Mulher suspeita de enviar carta envenenada para Trump é detidaDivulgação

CARTA ENVENENADA - Uma mulher suspeita de enviar uma carta com substância venenosa, identificada como ricina, foi detida ao tentar entrar em território americano. A correspondência foi interceptada pelo serviço postal da Casa Branca, na semana passada. Porém, o incidente só foi divulgado no sábado (19).

A detenção ocorreu na ponte Peace, que liga o Canadá ao estado de Nova York, de acordo com uma declaração à AFP de Aaron Bowker, oficial do serviço de proteção de alfândega e fronteiras.

De acordo com relatos da imprensa americana, a suspeita portava uma arma no momento em que foi abordada pelas autoridades.

A correspondência com a substância tóxica, enviada de um endereço no Canadá, foi recolhida antes de chegar ao centro de distribuição que fica dentro da sede do governo norte-americano, em Washington, na semana passada.

A ricina é um resquício da produção do óleo de mamona, usado principalmente na indústria química, e não há antídoto contra sua ingestão.

Esta não foi a primeira vez que correspondências contendo a substância foram endereçadas à Casa Branca. Em 2013, um morador do Mississippi enviou cartas envenenadas para o então presidente Barack Obama e para o senador republicano Roger Wicker, que representava o estado, em uma tentativa de incriminar um rival.

Os envelopes foram interceptados em um local de triagem do sistema postal, a 6 km da residência oficial em Washington.

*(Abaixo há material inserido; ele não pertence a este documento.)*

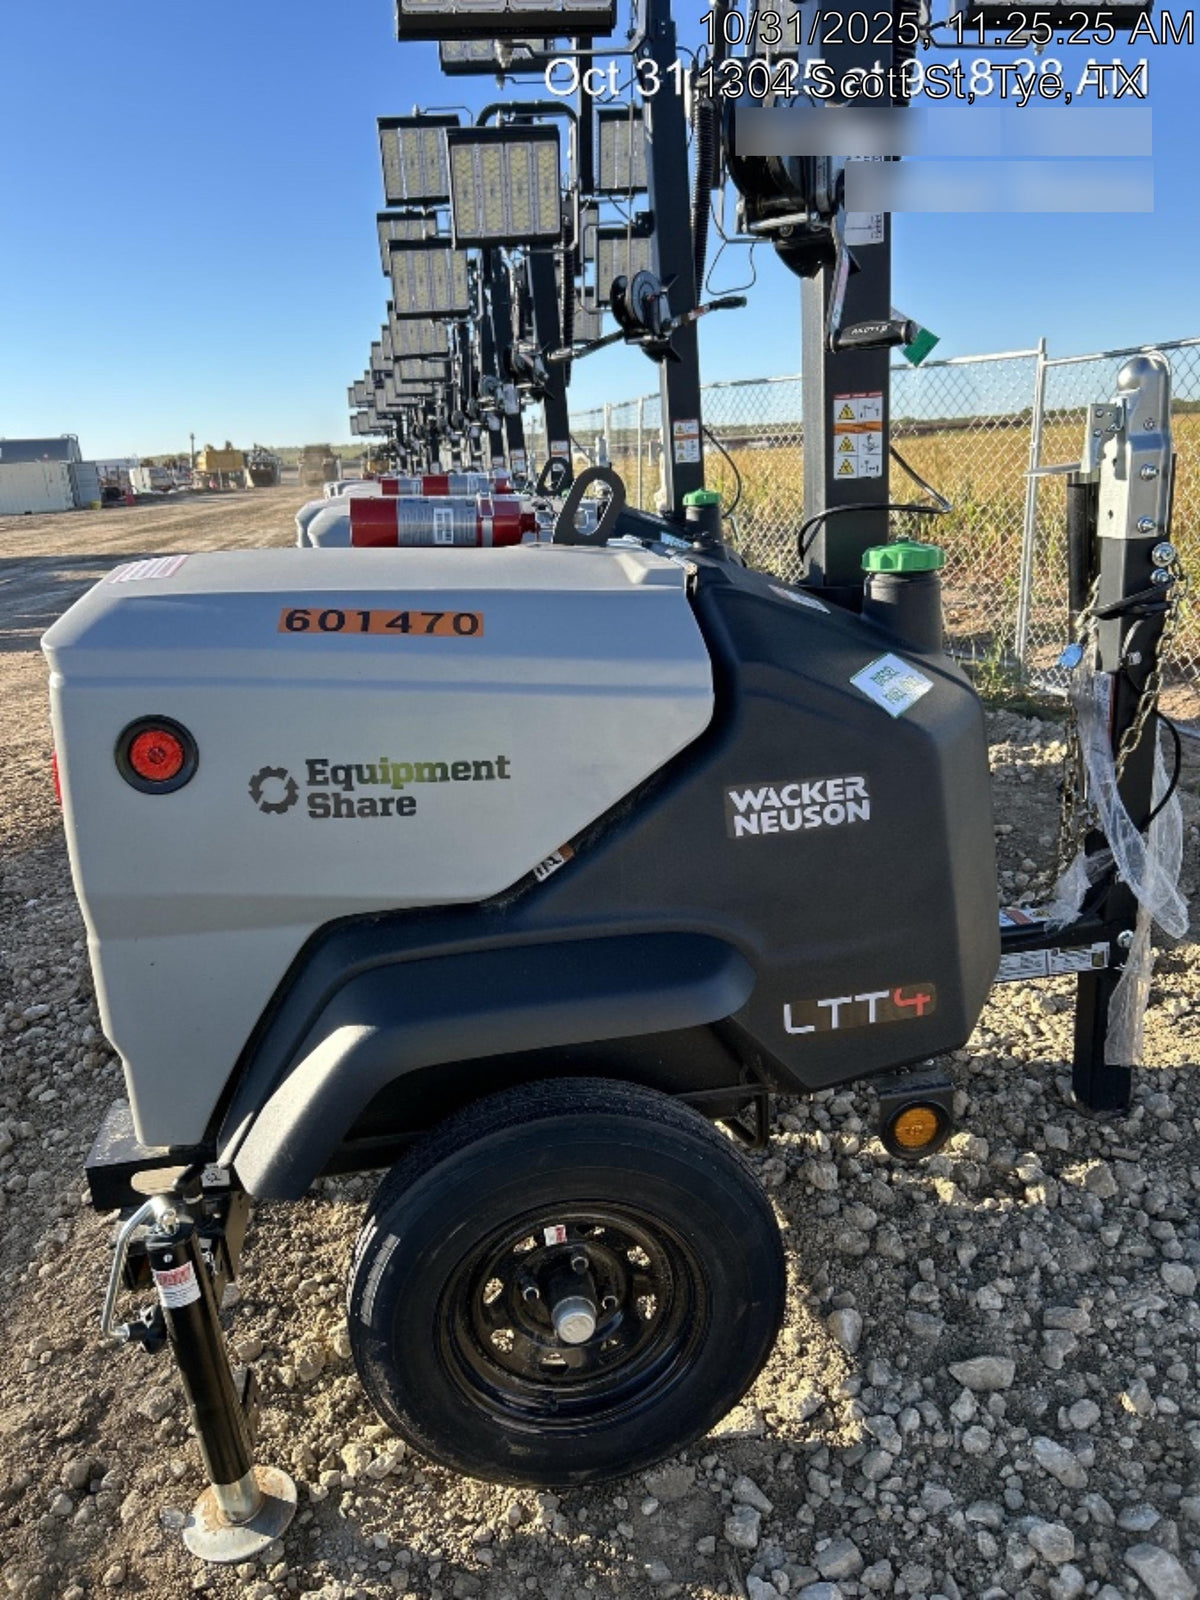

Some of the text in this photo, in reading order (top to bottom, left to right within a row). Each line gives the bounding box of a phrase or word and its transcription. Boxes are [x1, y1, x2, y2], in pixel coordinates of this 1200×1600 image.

Já em 2014, a atriz Shannon Richardson foi condenada a 18 anos de prisão por enviar cartas intoxicadas com a ricina em maio de 2013 para diferentes pessoas, inclusive Obama e Michael Bloomberg, então prefeito de Nova York.

A substância também já fez parte, em 2011, do plano de quatro homens no estado da Geórgia para intoxicar agentes federais e estaduais em cinco cidades diferentes -eles foram detidos e condenados à prisão. Naquele mesmo ano, autoridades americanas de contraterrorismo acompanhavam a possibilidade crescente de que a Al Qaeda usaria a ricina em ataques contra os EUA.